Brown allies attacked the move as "electoral madness" because it could help the Tories' efforts to destroy the coalition of support won by Labour in 1997. They said the Chancellor had called for a debate on how the party should renew itself but would not be "nailed" to a 10-year programme drawn up by Blairites.

Yesterday the Prime Minister came under pressure to quit soon from the former ministers Frank Dobson and Clare Short, who warned that he was damaging Labour's prospects.

Derek Simpson, general secretary of the Amicus union, accused Mr Blair of having "infected" the party with a "Tory agenda dressed up in Labour clothes".

Lord Falconer of Thoroton, the Lord Chancellor, made clear Mr Blair would rebuff demands to spell out his departure timetable at Labour's conference in Manchester next month. "This is not the time to try to change the leader," he said. "In terms of addressing the attacks on this country by terrorists, in terms of being a world statesman, I don't think anybody could do the job better."

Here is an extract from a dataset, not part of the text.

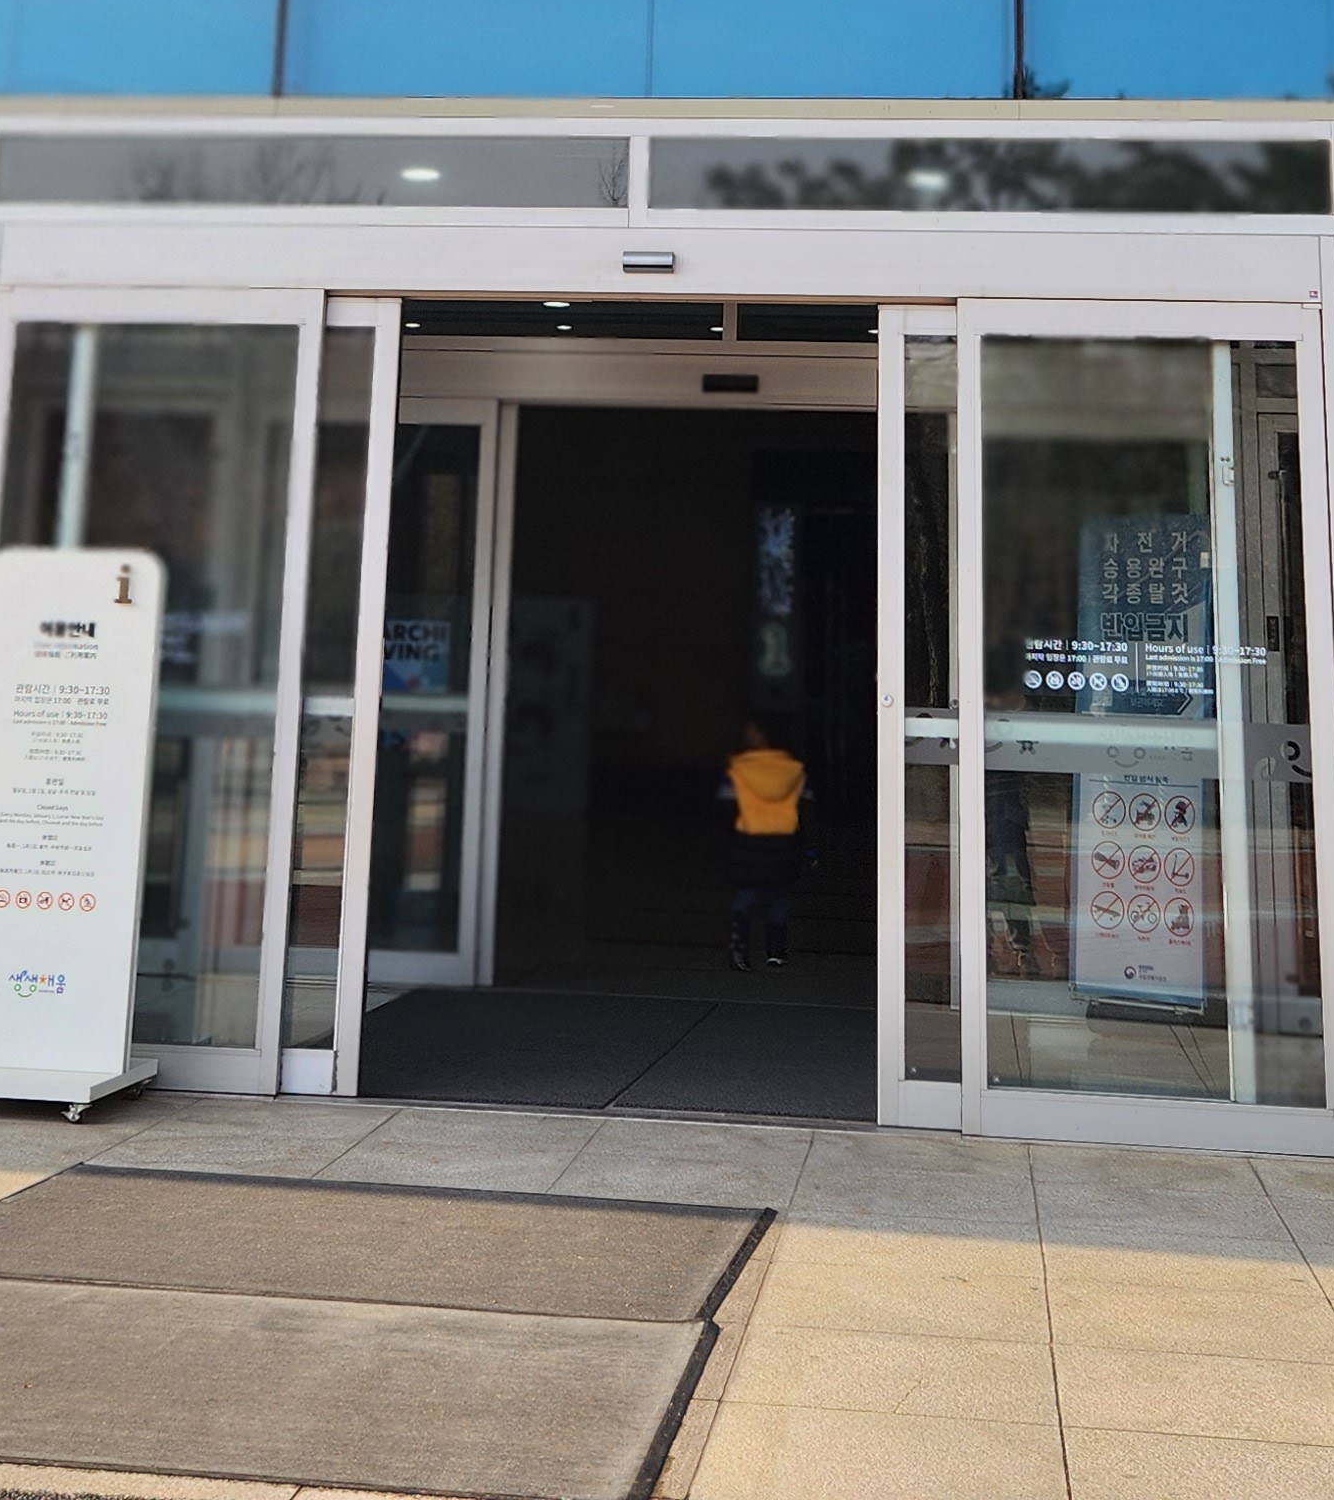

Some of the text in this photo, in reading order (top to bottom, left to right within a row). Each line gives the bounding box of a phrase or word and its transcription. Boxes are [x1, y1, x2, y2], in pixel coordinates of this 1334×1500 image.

Mike Gapes, the normally loyal Labour chairman of the Commons Foreign Affairs Select Committee, said Mr Blair was seen as too close to President George Bush. "The Prime Minister's strategy has always been what is called 'hug them close'," he told the BBC. He argued that a different personality might reassure the public and Labour Party that "we don't always go along with the American position".

The same criticism was made by Jimmy Carter, the former American president, who said he was "surprised and extremely disappointed" by Mr Blair's stance. "More than any other person in the world, the Prime Minster could have had a really moderating influence on Washington - and he has not," he said.